• EXERCISE DETAILS
For this exercise, reproduce the entries below exactly, but only from the line containing "Some of the words" through the line containing "this 1280×1705 image.", both included.

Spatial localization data
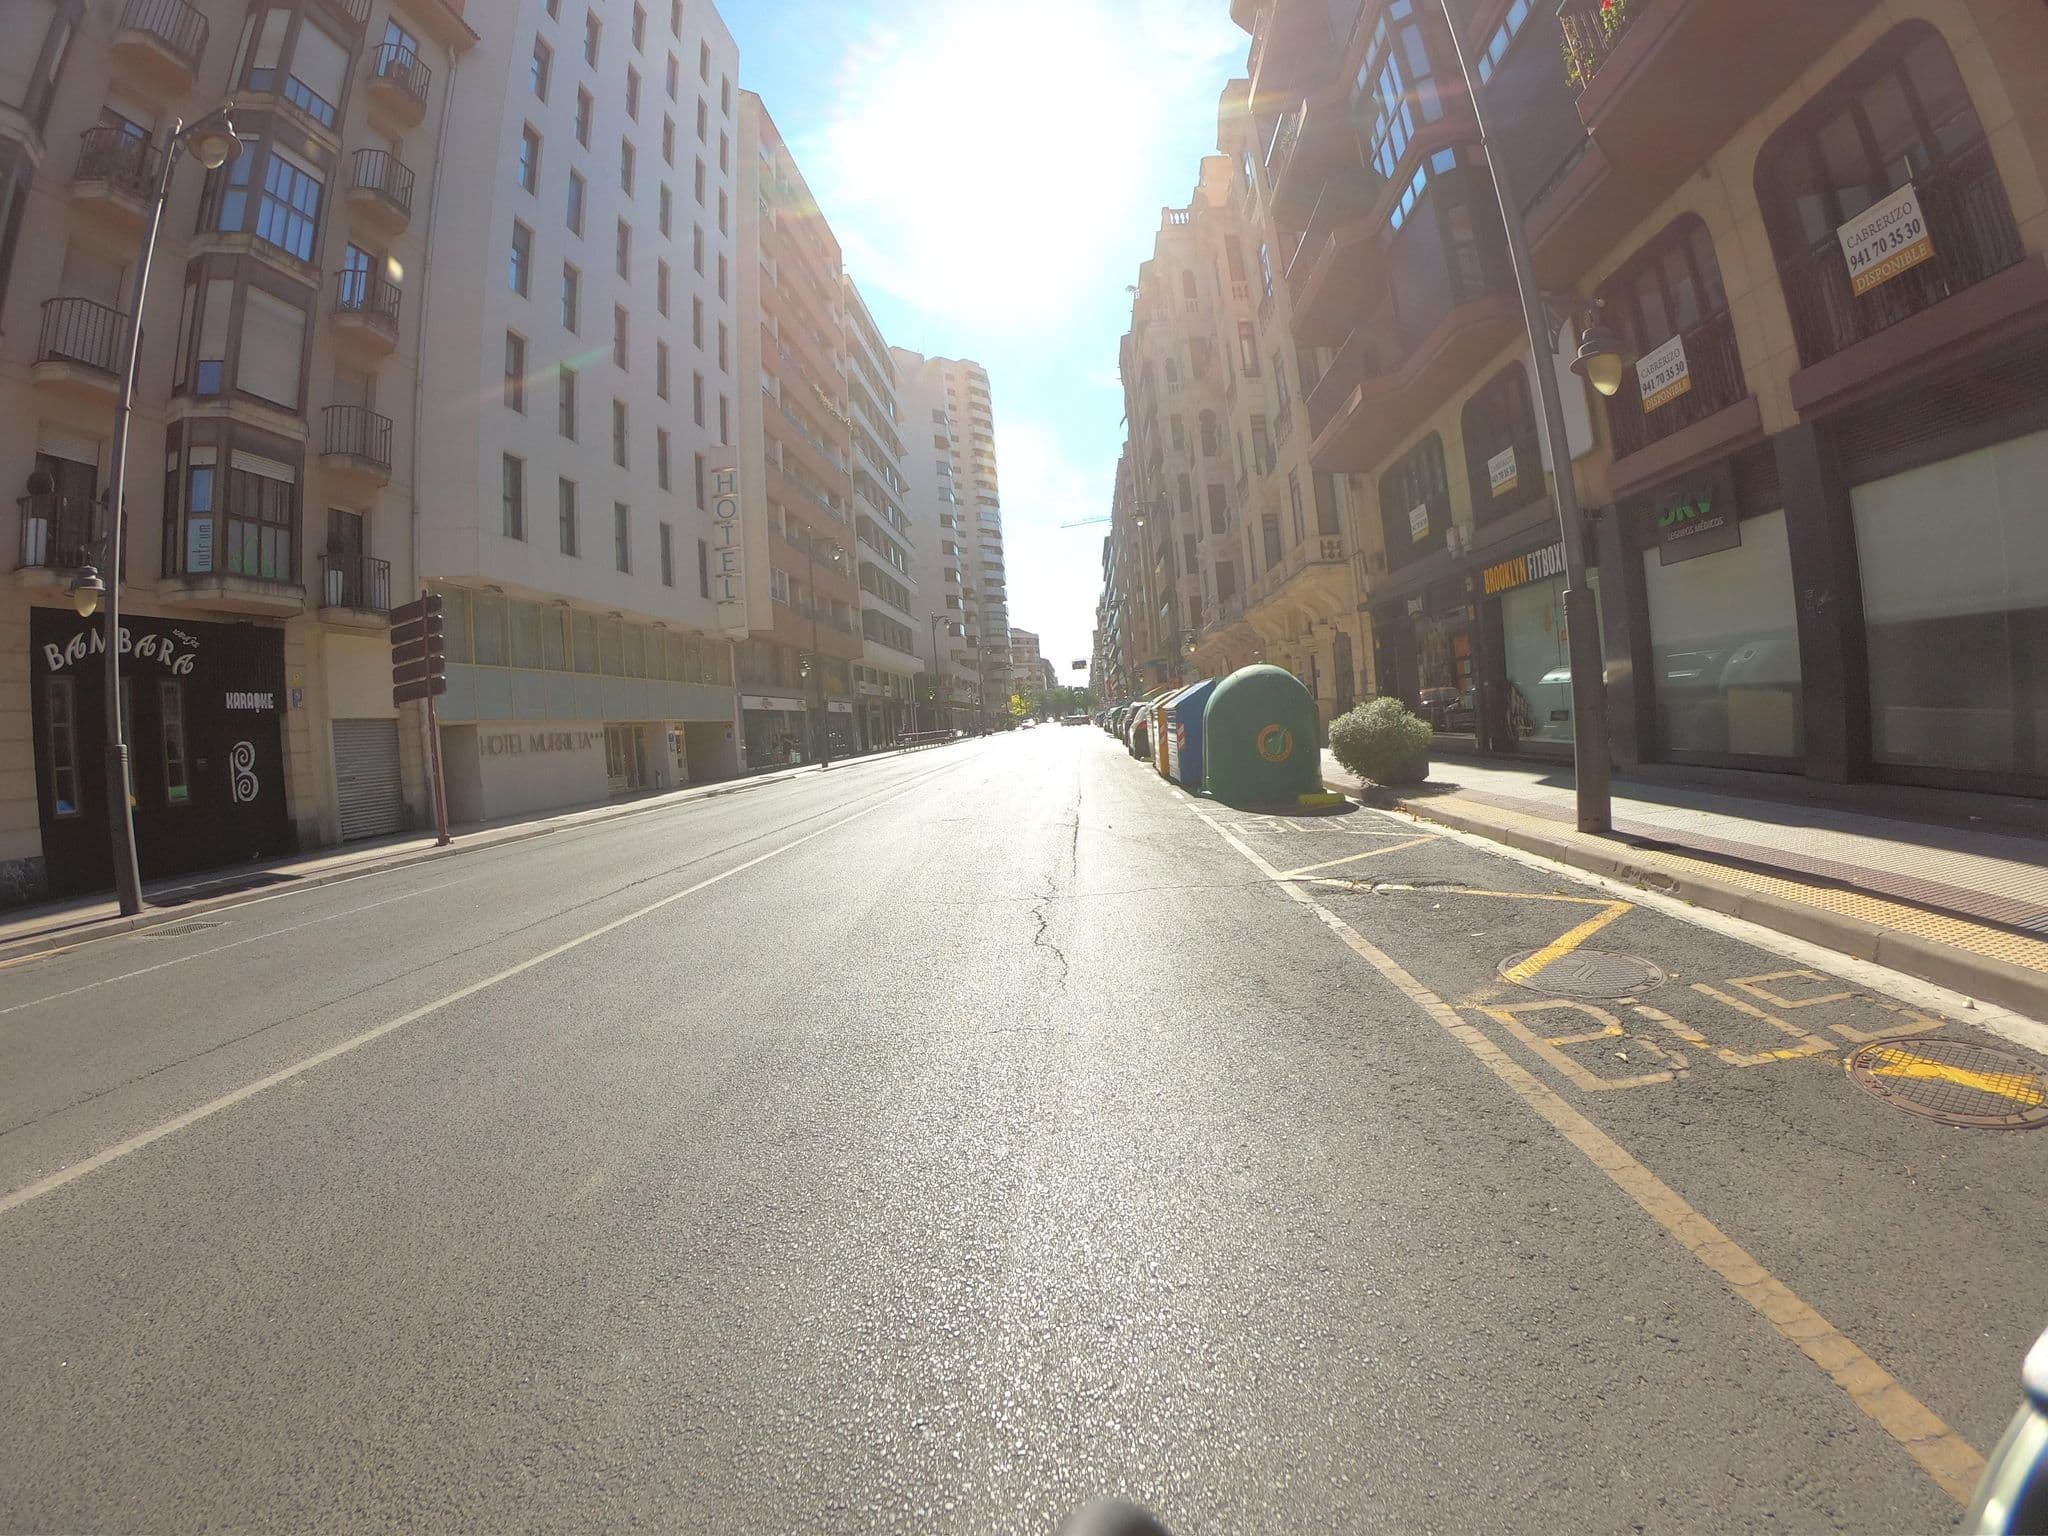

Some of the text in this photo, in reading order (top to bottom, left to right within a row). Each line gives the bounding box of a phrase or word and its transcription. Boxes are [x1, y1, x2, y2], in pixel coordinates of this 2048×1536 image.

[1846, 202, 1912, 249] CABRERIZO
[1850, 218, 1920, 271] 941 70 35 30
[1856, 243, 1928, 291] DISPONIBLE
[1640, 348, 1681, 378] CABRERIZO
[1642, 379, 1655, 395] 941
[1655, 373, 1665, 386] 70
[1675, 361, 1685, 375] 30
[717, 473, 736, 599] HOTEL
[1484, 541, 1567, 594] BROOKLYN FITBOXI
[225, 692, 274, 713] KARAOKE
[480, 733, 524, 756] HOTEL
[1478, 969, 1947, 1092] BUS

---

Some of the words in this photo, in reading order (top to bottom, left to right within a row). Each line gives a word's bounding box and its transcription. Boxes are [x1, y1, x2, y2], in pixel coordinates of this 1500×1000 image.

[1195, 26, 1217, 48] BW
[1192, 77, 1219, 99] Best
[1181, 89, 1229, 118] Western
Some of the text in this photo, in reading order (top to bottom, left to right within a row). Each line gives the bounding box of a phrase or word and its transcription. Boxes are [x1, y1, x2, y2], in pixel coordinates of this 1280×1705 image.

• EXERCISE OUTPUT
Some of the words in this photo, in reading order (top to bottom, left to right within a row). Each line gives a word's bounding box and its transcription. Boxes are [x1, y1, x2, y2], in pixel coordinates of this 1500×1000 image.

[1195, 26, 1217, 48] BW
[1192, 77, 1219, 99] Best
[1181, 89, 1229, 118] Western
Some of the text in this photo, in reading order (top to bottom, left to right within a row). Each line gives the bounding box of a phrase or word and its transcription. Boxes are [x1, y1, x2, y2], in pixel coordinates of this 1280×1705 image.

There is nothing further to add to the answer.